RJ: A few years ago, HMRC started to work very much more around what they call upstream compliance, which is essentially that, rather than raising enquiries – obviously, they still do that – contacting taxpayers and agents to ask whether they think that particular taxpayer’s affairs are being dealt with correctly. And this is part of that they’ve previously been two other nudge letters. This one is slightly different, because this one does require a response, whether or not actually you as an individual, or a corporate, or your client has been dealing with their cryptoassets correctly from a tax perspective. So if you receive one of these yourself, in respect of your own tax affairs, or you have clients who receive them, we definitely recommend that you take them seriously and do check that your or their affairs are correct and respond appropriately, because HMRC is setting up a response team to deal with these responses. We understand that they’re not just going to go into a black hole and never to be dealt with again. So it is important that you do take those seriously.

PL: Richard, if listeners need more detail on this, where can they find that?

RJ: First of all, we’re running a series of articles in our tax publication TAXline which, again, you can find on ICAEW’s website. If you’re a member of the tax faculty, you should receive a copy of that or a link to it, at least, automatically. We’ve had the first article already published, and we’ve got two more on the way. And in addition, there are some TAXguides that were published earlier on this year, one for individuals and one for companies. And in those guides, we go into a lot more detail about the taxation treatment.

PL: I think you’re hosting a digital assets conference as well, aren’t you?

RJ: Yes, that’s right. That’s going to be on 29 of November. It’s an all-day event held at Chartered Accountants Hall, and more details on that will be available on our website very soon. So listeners should keep an eye out for that if they want to come along and learn more about not just the taxation of crypto, but lots of other aspects that accountants and advisers need to get up to speed on.

PL: Well, yes, it is a complex area.
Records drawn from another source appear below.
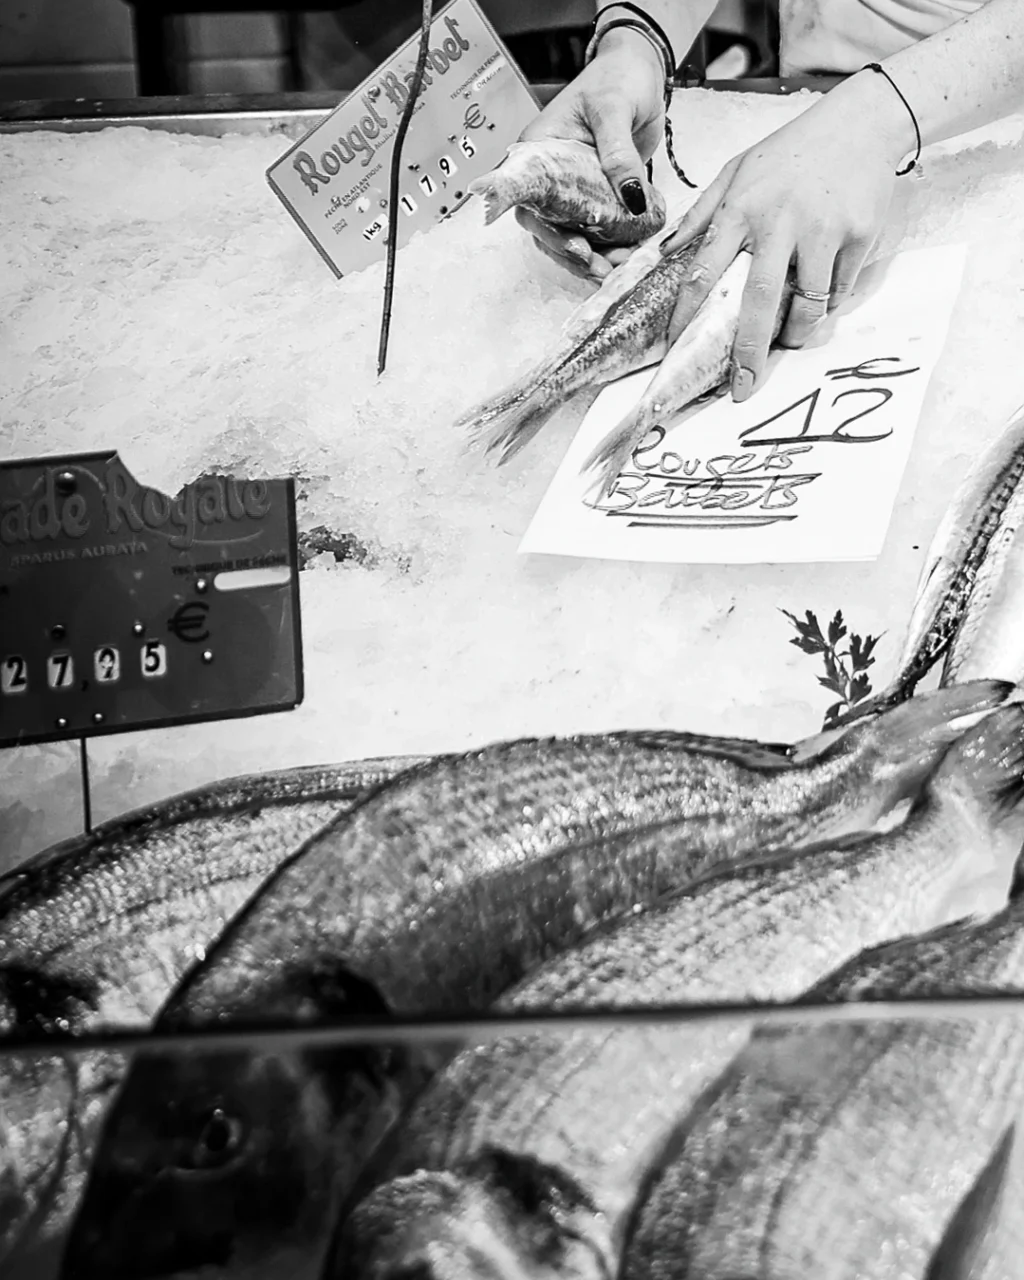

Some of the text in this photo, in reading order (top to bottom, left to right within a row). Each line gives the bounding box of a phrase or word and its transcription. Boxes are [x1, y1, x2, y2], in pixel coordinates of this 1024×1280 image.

[464, 102, 487, 131] €
[292, 93, 388, 197] Rouget
[349, 163, 383, 196] ATLANTIQUE
[104, 466, 271, 549] Royale
[167, 600, 211, 643] €
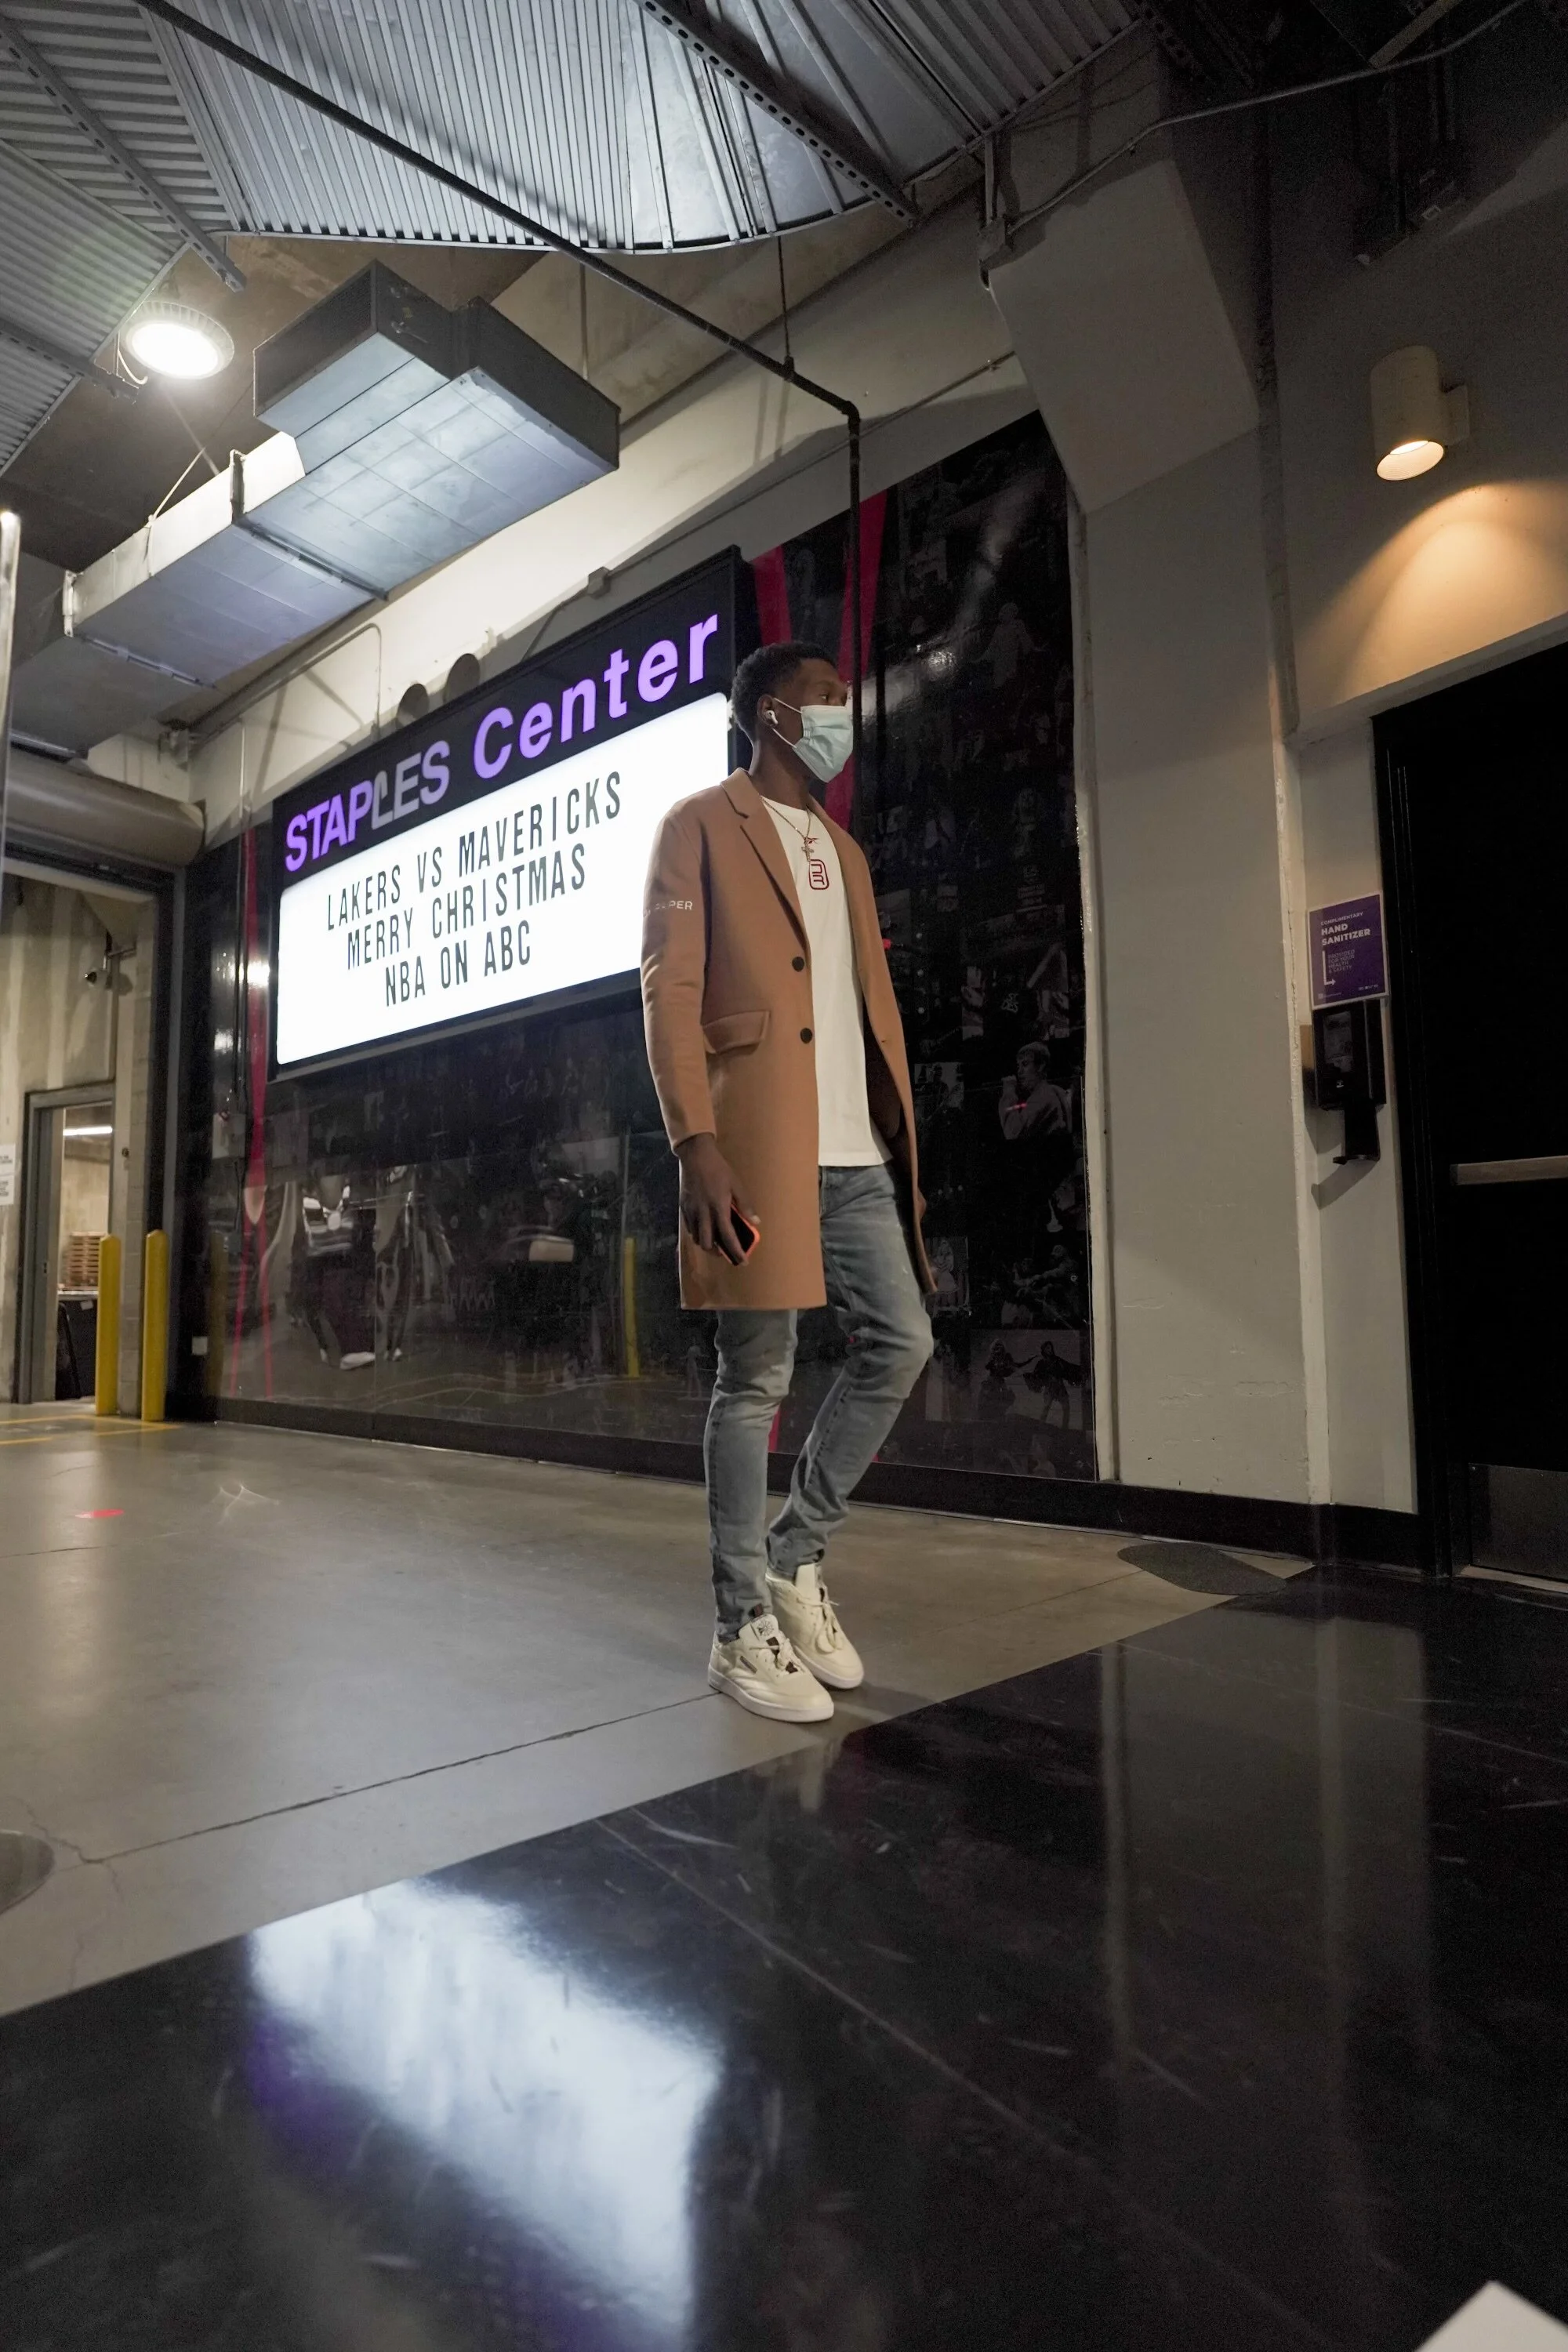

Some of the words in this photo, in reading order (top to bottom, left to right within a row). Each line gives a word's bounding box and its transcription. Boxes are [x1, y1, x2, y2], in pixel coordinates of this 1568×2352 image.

[285, 740, 450, 872] STAPLES
[474, 614, 718, 779] Center
[327, 866, 401, 931] LAKERS
[416, 846, 442, 893] VS
[459, 771, 622, 877] MAVERICKS
[347, 909, 413, 970] MERRY
[432, 843, 586, 939] CHRISTMAS
[1320, 912, 1364, 926] COMPLIMENTARY
[1321, 923, 1348, 936] HAND
[1322, 928, 1371, 946] SANITIZER
[385, 956, 426, 1007] NBA
[440, 940, 467, 989] ON
[484, 920, 532, 978] ABC
I think you both shed some light for us. I’m sure we’ll come back to it. Thanks both very much indeed.

On to suspicions of fraud now with Reuben Wales. Ruben, we are talking about auditors’ obligations to report those suspicions today because, as we know, it’s been in the news recently with substantial fines levied on firms who haven’t met their obligations. Should we do a quick recap for listeners? What do they need to keep in mind on this?

Reuben Wales: Well, there’s a rather well-known requirement in ISA 240 that all external auditors will be well aware of, which effectively states that the auditor’s primary obligation is to obtain reasonable assurance over financial statements to ensure they’re free of material misstatement, whether that’s caused by fraud or error. The key word here being, of course, ‘fraud’. So the requirements in 240 don’t expect all instances of fraud to be identified – the key word there being ‘material’ – but they should plan and execute the order in such a way as to put them in the best possible situation to identify those instances.
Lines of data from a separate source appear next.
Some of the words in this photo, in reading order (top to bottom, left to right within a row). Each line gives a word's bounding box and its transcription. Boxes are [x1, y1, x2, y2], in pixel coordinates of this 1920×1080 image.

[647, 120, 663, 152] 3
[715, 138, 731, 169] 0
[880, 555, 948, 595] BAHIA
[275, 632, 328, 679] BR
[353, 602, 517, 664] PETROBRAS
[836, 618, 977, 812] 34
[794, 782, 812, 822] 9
PL: And before we get into the detail of that, there is a legal obligation here too, isn’t there?

RW: Yes. So under the Financial Services and Markets Act, also known as FISMA, auditors of regulated entities – in this instance, that’s the FCA- and the PRA-regulated space – are required to disclose information or opinions relevant to those regulators, and that includes suspicions of fraud.

PL: And is there additional guidance that auditors need to follow?

RW: Well, it’s important to think about why that requirement is in there in the first place and I would say, you know, auditors have privileged access to a range of information sources relating to the firm when they’re conducting that audit. That includes rather sensitive, confidential information; it puts them in a unique situation to identify fraud, and hence why that obligation exists between the auditor and the regulator. In terms of additional guidance, I would point auditors to ISA 250 (b), which sets out what they should do in an instance where there is an apparent breach of regulatory requirements, including where they suspect fraud. So they should really be looking at the available evidence to assess the implications of those suspicions, determining whether there is reasonable cause to believe as to whether that breach is significant or material, and then they should also be considering whether it constitutes criminal conduct. In cases where they do decide that there is reasonable grounds, they should be reporting to the regulator.

PL: So can you give us a bit more clarity on what the responsibility to report actually covers?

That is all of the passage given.